Nally-Martin later moved back to Marion County, where she has served as the assistant county attorney since 1996.
She also gave birth to her second son, Cameron, now 11.
Having children was just another opportunity for Nally-Martin to be active in the community. She served on the Lebanon Elementary School Site-Based Decision Making Council for a few years until she had to step down when Mattingly, her business partner, became the attorney for the Marion County Board of Education. She still remains active as the president of the LES Parent Teacher Organization and by serving on the special education monitoring team for the school district.
“I just like being involved, knowing what’s going on and trying to help out,” Nally-Martin said.
Evan was diagnosed with autism when he was 6 or 7 years old, but Nally-Martin said she’d done enough research to suspect his condition before it was confirmed. Prior to his formal diagnosis, Evan was considered developmentally delayed, Nally-Martin said.
She said he started therapy three days a week when he was 9 months old. He didn’t walk until he was 26 months old and he didn’t talk even a little until he was about 6 or 7, she said.

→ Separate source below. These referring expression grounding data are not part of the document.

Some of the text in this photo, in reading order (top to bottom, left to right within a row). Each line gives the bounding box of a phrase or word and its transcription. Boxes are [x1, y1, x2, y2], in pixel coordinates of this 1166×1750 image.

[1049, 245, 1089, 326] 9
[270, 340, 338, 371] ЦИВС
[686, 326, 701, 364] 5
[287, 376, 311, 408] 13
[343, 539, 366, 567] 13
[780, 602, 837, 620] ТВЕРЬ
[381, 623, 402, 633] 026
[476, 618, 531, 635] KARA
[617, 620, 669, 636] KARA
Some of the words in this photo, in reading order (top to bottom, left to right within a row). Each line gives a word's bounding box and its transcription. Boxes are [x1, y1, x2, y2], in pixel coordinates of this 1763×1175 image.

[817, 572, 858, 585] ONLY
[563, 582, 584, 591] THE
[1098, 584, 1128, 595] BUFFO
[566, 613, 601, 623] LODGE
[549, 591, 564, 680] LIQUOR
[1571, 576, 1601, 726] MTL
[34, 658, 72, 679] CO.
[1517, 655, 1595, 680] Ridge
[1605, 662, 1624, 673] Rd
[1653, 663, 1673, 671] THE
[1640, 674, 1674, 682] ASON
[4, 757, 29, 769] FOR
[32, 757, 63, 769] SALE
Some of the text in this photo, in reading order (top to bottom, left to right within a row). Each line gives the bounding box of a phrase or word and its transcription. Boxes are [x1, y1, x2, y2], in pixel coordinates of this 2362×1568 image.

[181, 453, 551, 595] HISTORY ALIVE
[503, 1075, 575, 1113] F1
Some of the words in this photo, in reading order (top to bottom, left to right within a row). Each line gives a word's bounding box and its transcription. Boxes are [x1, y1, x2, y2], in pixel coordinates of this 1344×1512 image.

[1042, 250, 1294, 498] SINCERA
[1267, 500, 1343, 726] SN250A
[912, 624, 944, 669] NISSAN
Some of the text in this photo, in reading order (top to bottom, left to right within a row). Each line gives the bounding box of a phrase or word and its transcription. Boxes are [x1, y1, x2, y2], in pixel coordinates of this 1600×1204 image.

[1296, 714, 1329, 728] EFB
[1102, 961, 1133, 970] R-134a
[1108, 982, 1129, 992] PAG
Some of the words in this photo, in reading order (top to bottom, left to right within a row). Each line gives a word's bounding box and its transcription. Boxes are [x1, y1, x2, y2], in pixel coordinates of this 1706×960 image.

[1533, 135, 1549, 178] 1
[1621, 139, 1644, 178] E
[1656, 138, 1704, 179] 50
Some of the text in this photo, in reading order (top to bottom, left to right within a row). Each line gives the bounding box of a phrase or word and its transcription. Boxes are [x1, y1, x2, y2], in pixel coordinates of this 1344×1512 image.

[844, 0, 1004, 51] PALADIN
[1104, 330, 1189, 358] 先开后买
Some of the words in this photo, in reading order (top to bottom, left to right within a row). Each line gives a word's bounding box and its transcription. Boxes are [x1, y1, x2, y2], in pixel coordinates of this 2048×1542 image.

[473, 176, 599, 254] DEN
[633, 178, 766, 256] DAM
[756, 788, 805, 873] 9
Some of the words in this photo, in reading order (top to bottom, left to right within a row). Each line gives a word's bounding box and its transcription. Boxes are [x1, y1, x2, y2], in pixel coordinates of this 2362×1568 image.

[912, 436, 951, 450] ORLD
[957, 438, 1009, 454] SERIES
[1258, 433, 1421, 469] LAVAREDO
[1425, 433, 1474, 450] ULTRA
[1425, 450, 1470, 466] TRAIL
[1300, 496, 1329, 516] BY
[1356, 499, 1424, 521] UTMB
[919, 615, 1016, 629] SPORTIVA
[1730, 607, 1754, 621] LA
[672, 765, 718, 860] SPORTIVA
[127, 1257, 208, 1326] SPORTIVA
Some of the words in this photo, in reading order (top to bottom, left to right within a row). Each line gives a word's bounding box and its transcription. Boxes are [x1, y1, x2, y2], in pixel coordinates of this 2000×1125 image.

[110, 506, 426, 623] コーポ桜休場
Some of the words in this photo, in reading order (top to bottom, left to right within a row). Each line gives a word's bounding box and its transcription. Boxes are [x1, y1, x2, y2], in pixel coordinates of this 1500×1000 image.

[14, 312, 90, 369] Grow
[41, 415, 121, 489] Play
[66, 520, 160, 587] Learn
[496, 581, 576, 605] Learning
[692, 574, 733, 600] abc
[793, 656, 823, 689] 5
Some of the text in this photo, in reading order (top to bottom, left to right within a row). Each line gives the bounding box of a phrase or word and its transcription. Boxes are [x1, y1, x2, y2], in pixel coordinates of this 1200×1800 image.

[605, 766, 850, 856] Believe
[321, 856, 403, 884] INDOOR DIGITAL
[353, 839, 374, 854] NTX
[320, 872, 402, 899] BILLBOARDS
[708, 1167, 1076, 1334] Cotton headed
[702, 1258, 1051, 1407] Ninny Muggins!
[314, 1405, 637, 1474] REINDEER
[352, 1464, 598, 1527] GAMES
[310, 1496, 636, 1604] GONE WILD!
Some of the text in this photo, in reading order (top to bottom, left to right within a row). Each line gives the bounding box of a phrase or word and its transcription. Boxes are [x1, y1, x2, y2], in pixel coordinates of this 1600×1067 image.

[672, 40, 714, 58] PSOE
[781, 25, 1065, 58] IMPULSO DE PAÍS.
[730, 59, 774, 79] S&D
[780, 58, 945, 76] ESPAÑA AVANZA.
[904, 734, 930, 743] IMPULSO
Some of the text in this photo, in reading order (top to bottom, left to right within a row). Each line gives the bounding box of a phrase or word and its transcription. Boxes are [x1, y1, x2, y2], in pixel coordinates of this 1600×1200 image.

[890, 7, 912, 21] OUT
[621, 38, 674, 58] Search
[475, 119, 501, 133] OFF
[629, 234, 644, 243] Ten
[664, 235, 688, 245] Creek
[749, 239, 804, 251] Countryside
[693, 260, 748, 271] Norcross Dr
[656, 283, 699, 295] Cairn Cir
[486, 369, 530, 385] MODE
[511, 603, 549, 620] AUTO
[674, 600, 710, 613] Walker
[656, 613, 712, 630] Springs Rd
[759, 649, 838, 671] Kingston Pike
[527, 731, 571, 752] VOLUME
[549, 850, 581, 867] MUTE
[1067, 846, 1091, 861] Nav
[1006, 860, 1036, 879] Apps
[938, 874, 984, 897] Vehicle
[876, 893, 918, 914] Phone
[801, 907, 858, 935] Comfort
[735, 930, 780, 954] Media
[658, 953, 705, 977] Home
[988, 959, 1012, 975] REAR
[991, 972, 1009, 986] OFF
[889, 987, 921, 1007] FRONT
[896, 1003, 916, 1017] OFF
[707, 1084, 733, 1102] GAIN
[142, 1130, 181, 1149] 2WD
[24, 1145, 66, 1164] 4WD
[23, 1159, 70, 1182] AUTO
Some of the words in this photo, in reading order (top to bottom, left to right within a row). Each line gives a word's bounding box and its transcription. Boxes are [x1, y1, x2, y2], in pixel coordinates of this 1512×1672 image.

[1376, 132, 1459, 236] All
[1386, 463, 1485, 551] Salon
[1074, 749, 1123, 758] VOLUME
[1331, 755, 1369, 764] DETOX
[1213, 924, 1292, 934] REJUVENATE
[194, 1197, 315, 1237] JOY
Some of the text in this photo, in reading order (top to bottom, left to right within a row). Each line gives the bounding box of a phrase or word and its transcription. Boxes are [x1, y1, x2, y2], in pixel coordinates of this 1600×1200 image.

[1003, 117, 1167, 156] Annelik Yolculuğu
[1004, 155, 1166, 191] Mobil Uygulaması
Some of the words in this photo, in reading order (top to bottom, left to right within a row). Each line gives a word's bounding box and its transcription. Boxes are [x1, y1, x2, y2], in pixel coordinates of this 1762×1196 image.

“My issue was trying to find out what was out there to help him. Not so much trying to waste time on what was the cause of it, because in a larger percentage of them, you don’t know the cause. My focus was on trying to get him better, getting him up to par,” Nally-Martin said.
She said she was fortunate to meet a consultant in Louisville years ago who suggested therapies for him and the schools were open to providing some of those therapies.
Nally-Martin said she’s made time to take Evan to horse and speech therapies and worked with him at home. She’s also tried to expose him to as many opportunities as possible, including taking him to a variety of community events. She said she thinks many parents make the mistake of thinking their children can’t do something because of their disabilities.
“There have been many, many times I’ve been embarrassed if he had a fit or had a meltdown because he had a sensory overload,” Nally-Martin said. “But I’ve learned pride can be a bad thing.”
While she has done what she can to address Evan’s special needs, Nally-Martin has also tried to not deprive Cameron of opportunities. Cameron plays baseball, basketball and soccer.
While she didn’t play sports herself, she does see benefits for her youngest child.
“I want him to know that commitment, that once you’re there, you’re a team player,” Nally-Martin said.
That’s all in addition to her work as assistant county attorney, in which she deals with a lot of difficult people and difficult situations, according to Mattingly. Despite that, she hasn’t become jaded, he said. (In fact, she’s running unopposed to become the county attorney this year.)
Mattingly continued to say that Nally-Martin has a wonderful attitude about life and that’s reflected in how she treats others.
“The way she deals with Evan is just an extension of the concern and the caring she shows to everybody,” Mattingly said.
On the night of the chamber awards dinner, Nally-Martin said she was trying to gather her emotions as she realized Knight was describing her in her introduction of the outstanding citizen. She was so focused in fact that one of her friends had to point out that her family, including her 90-year-old grandmother, had gathered on the other side of the room to watch her get the award.
“It was a little overwhelming to look over there and see that large group,” Nally-Martin said.
She added that she doesn’t do the things she does to get awards, but she was touched to be recognized for the things she enjoys doing.
“I love community service,” Nally-Martin said. “If I had more time, I’d do a lot more of it. It’s just there’s only 24 hours in the day. You got to sleep sometime.”